- Problem description
Omit each picture as you copy the entries exactly.
::::::
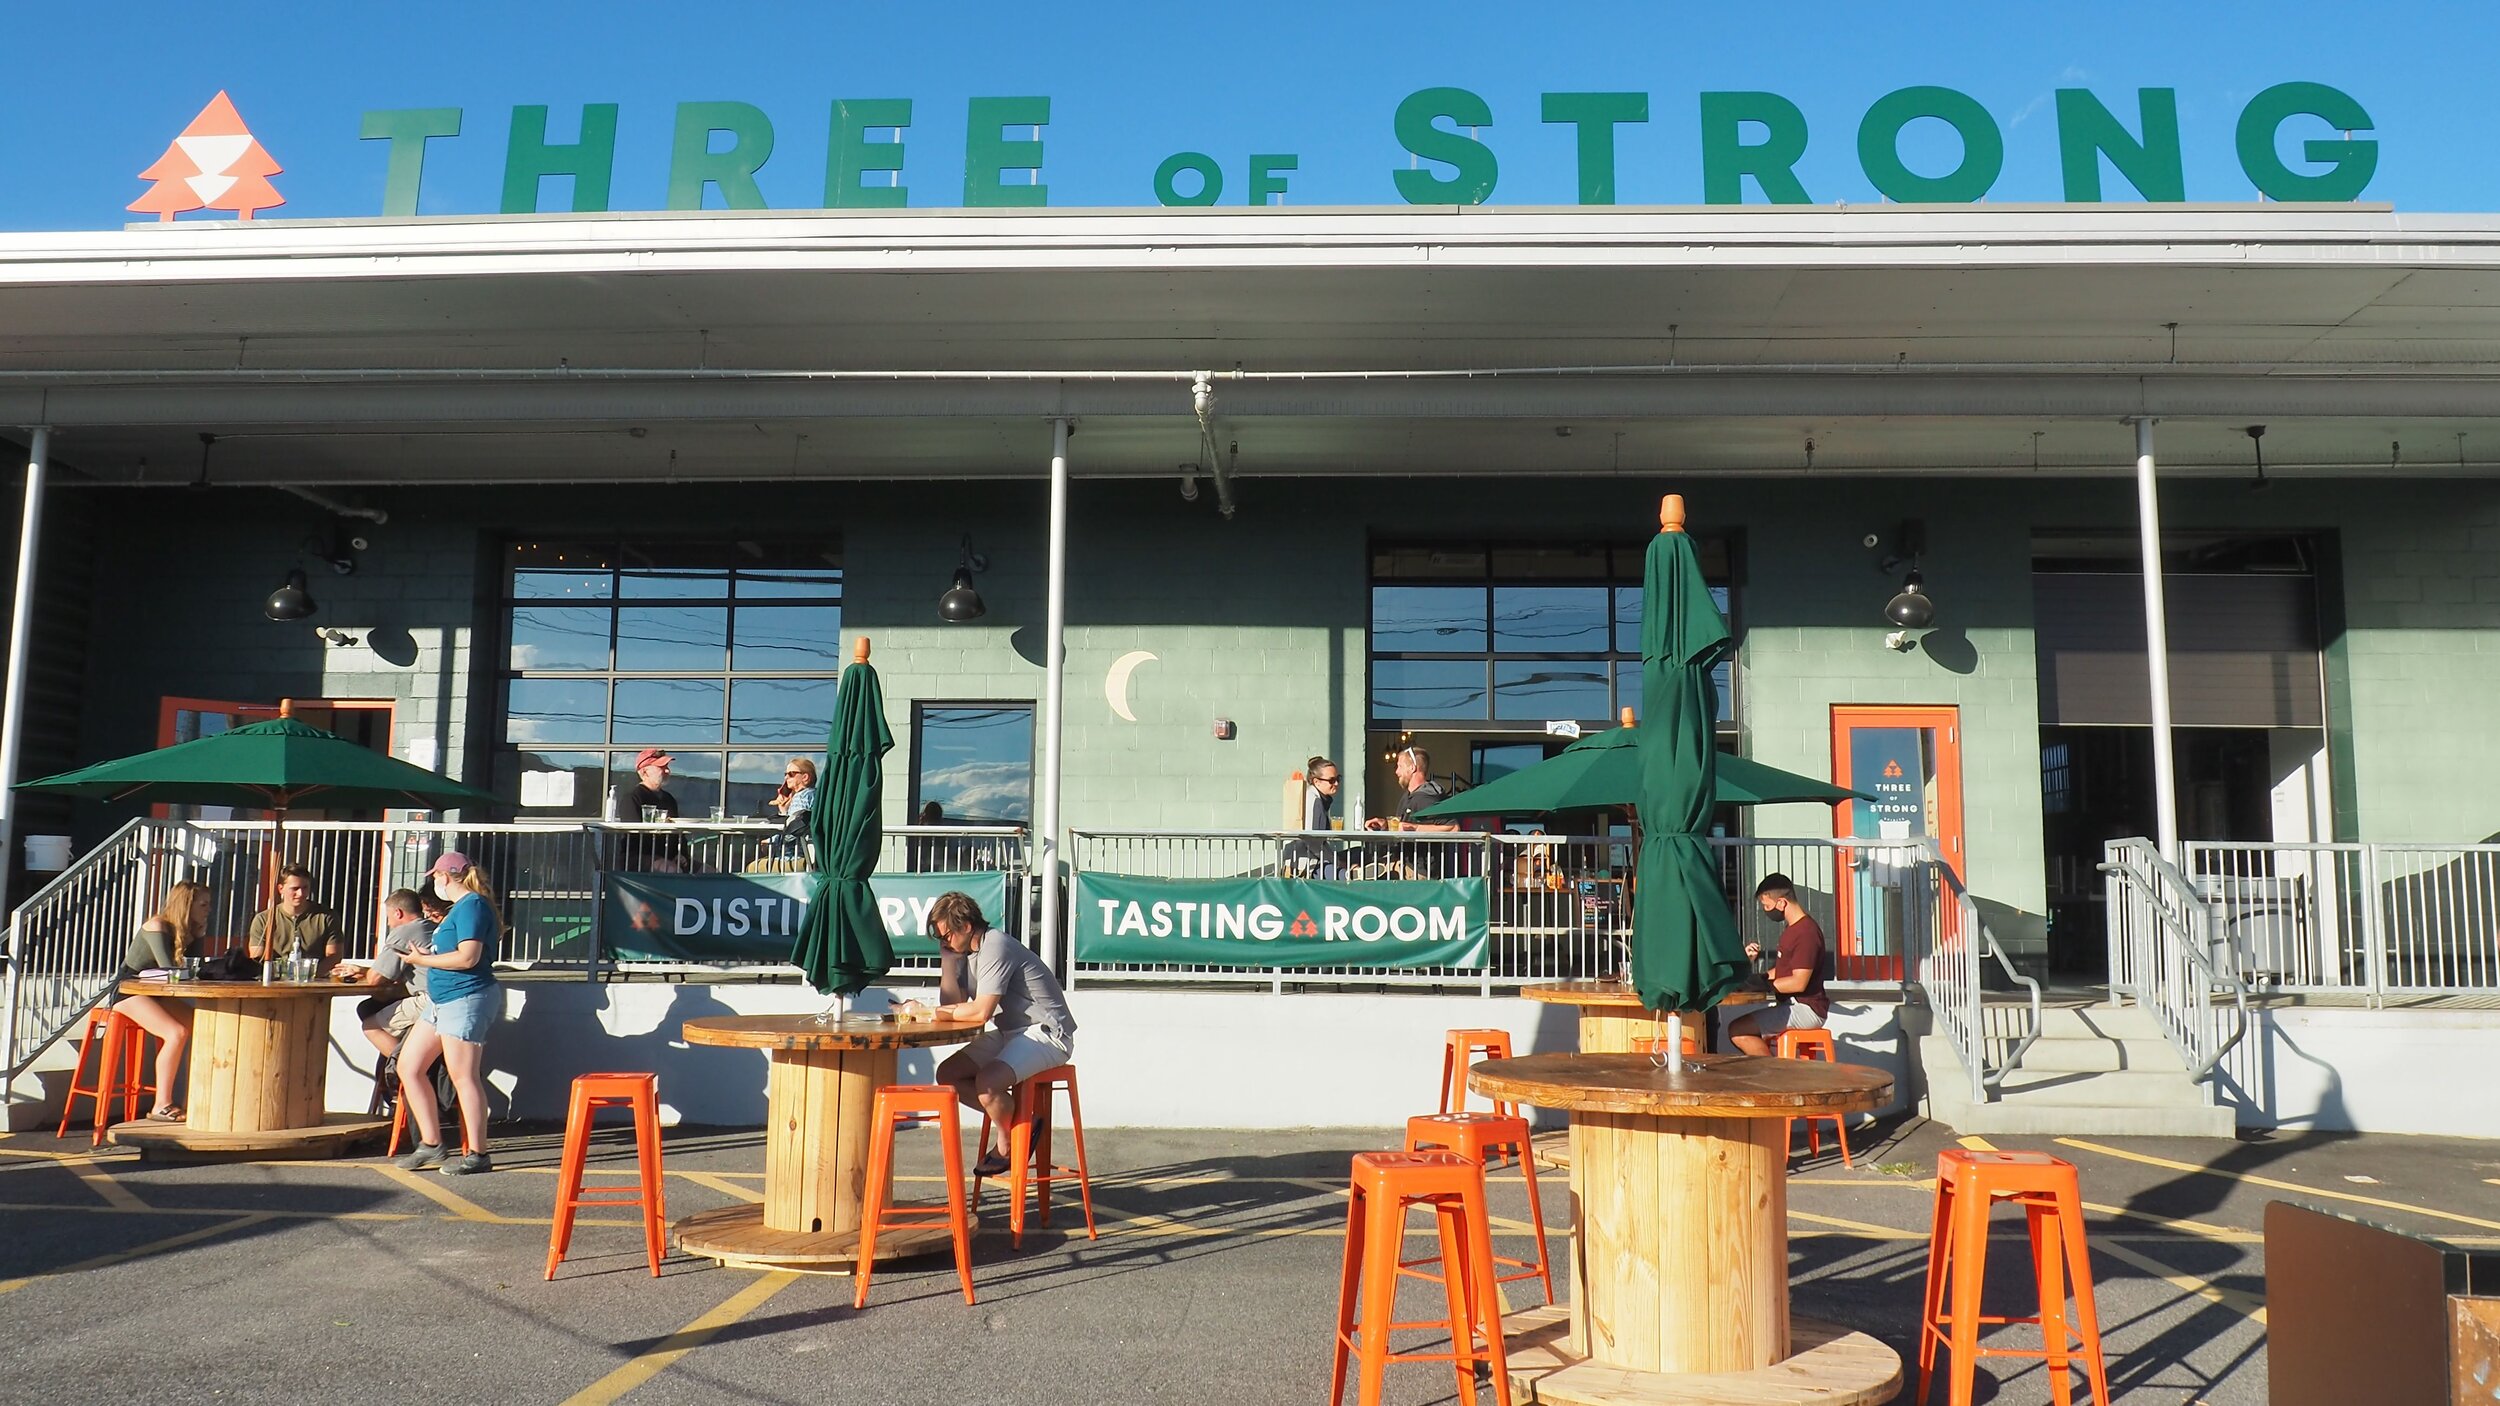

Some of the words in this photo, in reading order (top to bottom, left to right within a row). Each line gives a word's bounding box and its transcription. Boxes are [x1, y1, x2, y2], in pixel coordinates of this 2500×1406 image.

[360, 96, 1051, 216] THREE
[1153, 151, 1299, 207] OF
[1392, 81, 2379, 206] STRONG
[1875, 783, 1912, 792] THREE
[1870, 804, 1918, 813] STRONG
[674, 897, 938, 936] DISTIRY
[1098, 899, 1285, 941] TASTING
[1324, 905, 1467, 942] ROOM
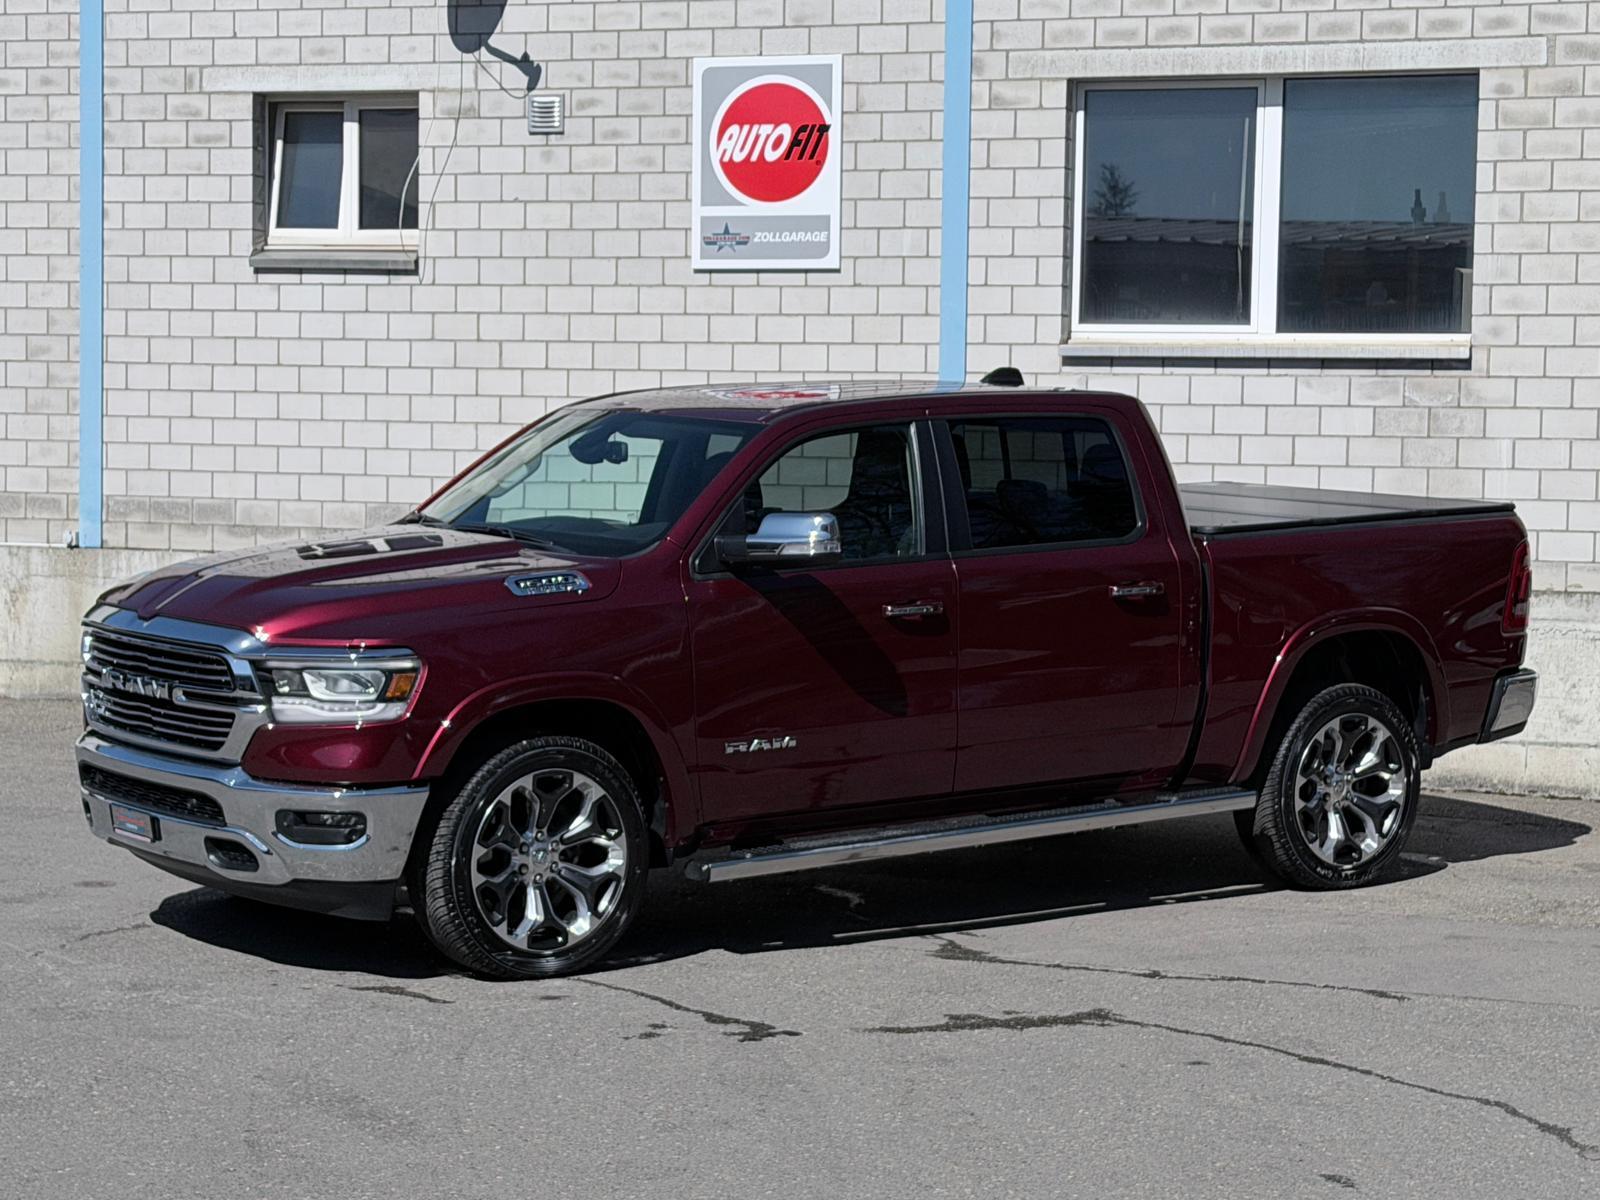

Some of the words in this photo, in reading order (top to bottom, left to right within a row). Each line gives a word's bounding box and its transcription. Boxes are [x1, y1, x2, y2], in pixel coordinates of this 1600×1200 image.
::::::
- Answer for the task
Some of the words in this photo, in reading order (top to bottom, left to right within a row). Each line gives a word's bounding box and its transcription. Boxes are [x1, y1, x2, y2], in pixel coordinates of this 2500×1406 image.

[360, 96, 1051, 216] THREE
[1153, 151, 1299, 207] OF
[1392, 81, 2379, 206] STRONG
[1875, 783, 1912, 792] THREE
[1870, 804, 1918, 813] STRONG
[674, 897, 938, 936] DISTIRY
[1098, 899, 1285, 941] TASTING
[1324, 905, 1467, 942] ROOM

Some of the words in this photo, in reading order (top to bottom, left to right within a row). Each line gives a word's bounding box and its transcription. Boxes are [x1, y1, x2, y2], in pixel coordinates of this 1600×1200 image.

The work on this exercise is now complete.